I finally crossed $1,200 in monthly revenue on the AI writing tool I built as a side project. That number sounds modest but it took me 11 months of evenings and one abandoned pivot to get here. I used FastAPI for the backend because a stranger on a forum mentioned it wouldn't slow me down with boilerplate, which turned out to be true.
The hook: I didn't chase the flashy stuff. No GPT-4 fine-tuning, no RAG pipelines, just a narrow Chrome extension that rewrites LinkedIn posts in different tones. The real surprise was how much time I lost debugging Stripe's webhook handling, like an embarrassing amount of time.
Turns out the simplest AI use cases have the least competition. I tested three different pricing tiers before landing on $9/$19/$49 monthly plans and the $19 tier became the sweet spot where conversion hit 34%.
I'm not sure whether this can scale past my own network or if I'm just benefiting from a small niche right now. How are you all handling the decision between staying narrow and going broader when your numbers start moving?
The interesting signal here is that the boring use case won.
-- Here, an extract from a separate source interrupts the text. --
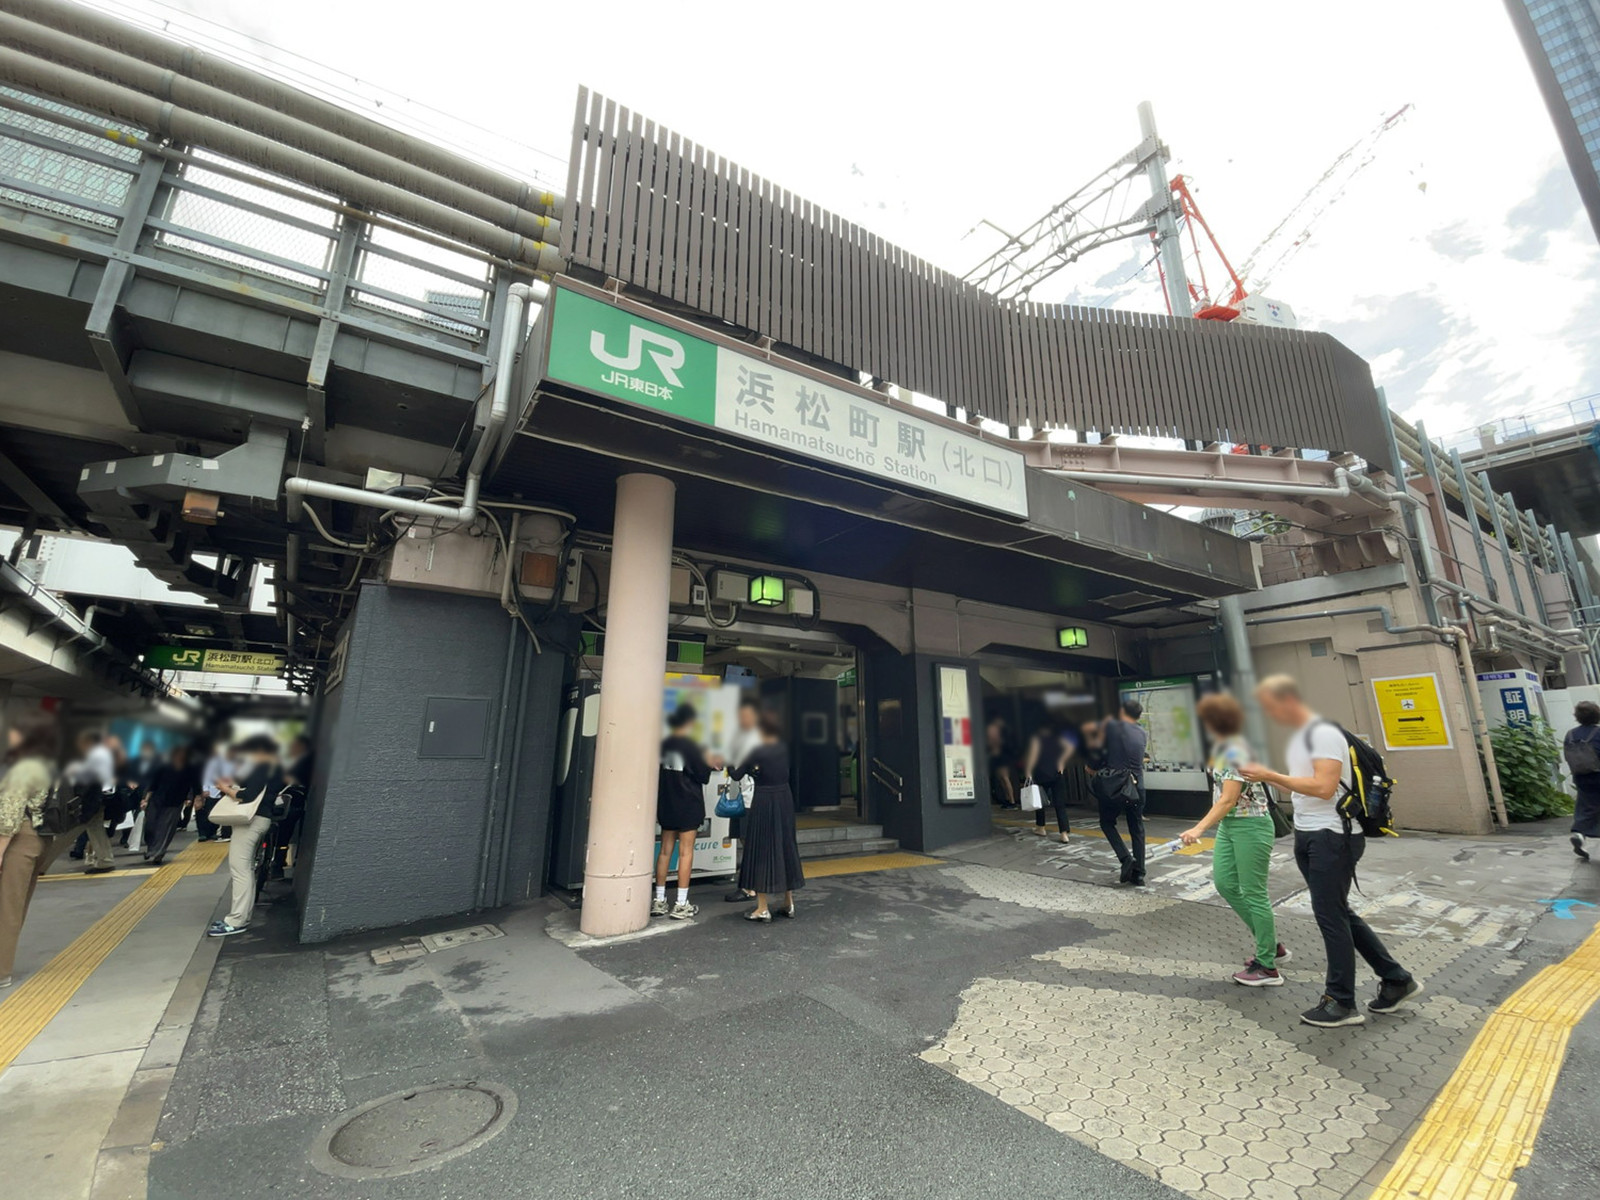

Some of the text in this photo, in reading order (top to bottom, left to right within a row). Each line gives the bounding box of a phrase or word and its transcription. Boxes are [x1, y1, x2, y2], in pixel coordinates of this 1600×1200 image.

[590, 324, 686, 389] JR
[600, 370, 673, 401] JR東日本
[735, 409, 938, 486] Hamamatsuchō Station
[172, 650, 201, 664] JR
A narrow LinkedIn rewriting extension with clear pricing, fast value, and one obvious job-to-be-done is much easier to sell than a broad “AI writing platform.” The $1,200 MRR probably came from the fact that users did not need to understand a new category. They already had a painful workflow and you made it faster.
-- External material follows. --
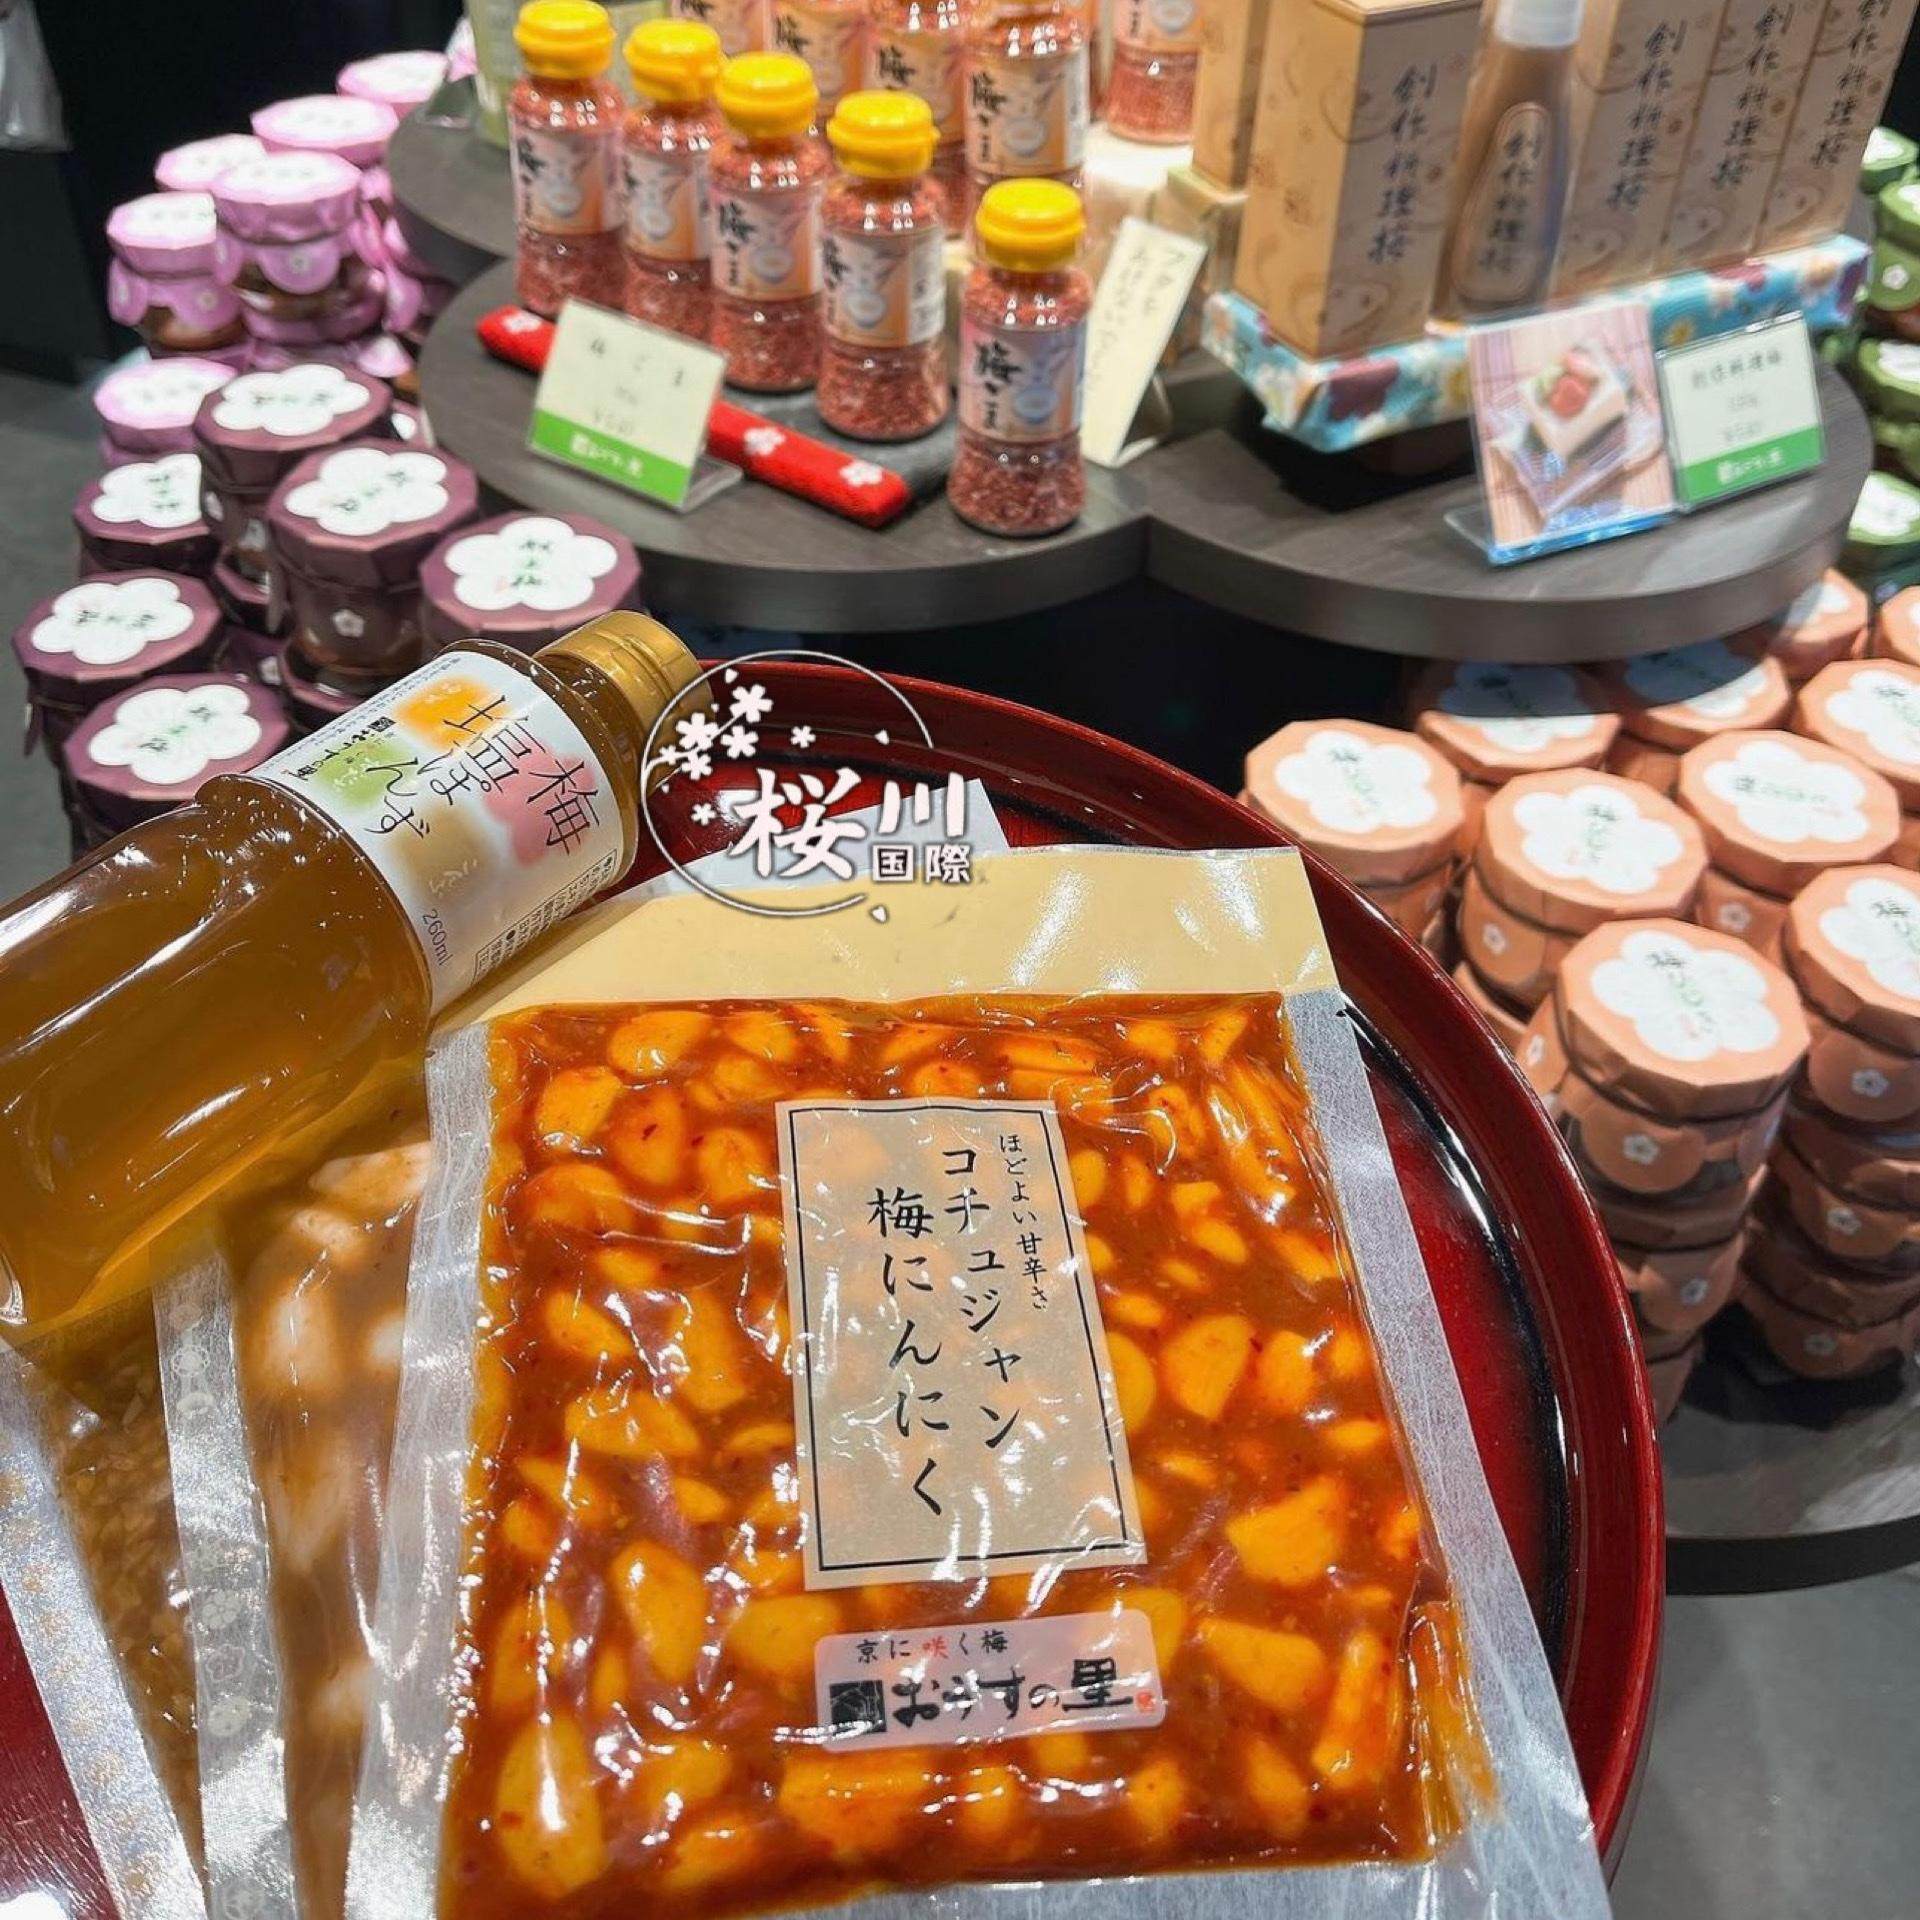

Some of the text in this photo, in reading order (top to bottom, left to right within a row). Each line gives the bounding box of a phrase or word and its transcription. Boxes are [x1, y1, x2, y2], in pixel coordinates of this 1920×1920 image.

I’d be careful about broadening too early. The better move may be to expand around the same buying moment: LinkedIn post rewrites, hooks, tone variations, repurposing, maybe founder/consultant content workflows. That keeps the product close to the revenue signal instead of turning it into another generic AI writer.
The naming question matters more now that money is coming in. If the current brand is tied too closely to “LinkedIn post rewriting,” it may help early clarity but limit the next version. A name like Beryxa .com would give it a more serious SaaS/growth-tool frame while still letting the product stay narrow where it is working.
I’d treat the next step as: keep the wedge narrow, but make sure the brand can survive if the product grows into a broader content revenue tool.